Images Implemented Via Lazy Loading Can be Used Like Any Other Image on a Page
Images implemented via the lazy load script can be added to structured data and sitemaps without any issues, as long as they are embedded in a way that Googlebot is able to pick up.
Google Doesn’t Need To Be Able To Crawl The Add to Cart Pages of A Site
It is not essential for Google to crawl the add to cart pages on e-commerce sites, so this shouldn’t affect a site’s performance in search for purchase intent queries.
Googlebot Does Crawl From a Handful of Regional IPs
Googlebot does crawl from a small number of regional IPs, particularly in countries where they know it is hard to crawl from the US.
An Updated User Agent is Expected to Reflect The New Modern Rendering Infrastructure
Google has been experimenting with the current user agent settings and is re-thinking the set u. John expects some changes to be announced in the future around an updated user agent so that it reflects the new modern rendering infrastructure.
The Site Diversity Update Won’t Affect How Subdomains Are Crawled
The new change that was launched to show more diversity of sites in the search results won’t impact the way subdomains are currently crawled and processed, it will only impact how they are shown in the search results.

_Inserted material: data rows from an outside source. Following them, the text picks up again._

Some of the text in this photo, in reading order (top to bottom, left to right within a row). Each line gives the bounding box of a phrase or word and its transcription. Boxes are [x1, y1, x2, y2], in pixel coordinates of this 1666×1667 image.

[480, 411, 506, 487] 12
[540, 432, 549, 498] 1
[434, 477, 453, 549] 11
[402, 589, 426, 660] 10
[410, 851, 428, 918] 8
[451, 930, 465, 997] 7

News Site Shown in Forum Snippets Can Reformat Comment Section or Block Comments From Crawling
If a news site is being shown in forum snippets and this is problematic for you, either reformat the comments sections in a way that demotes the importance of this content or block comments from being crawlable by Google.
Google Has an Upper Limit of Around 5,000 Internal Links Per Page For Crawling
Sites don’t normally exceed Google’s upper crawl limit for links on a page as it is quite high at around 5,000 links per page. However, John recommends only having necessary internal links so PageRank isn’t diluted too much.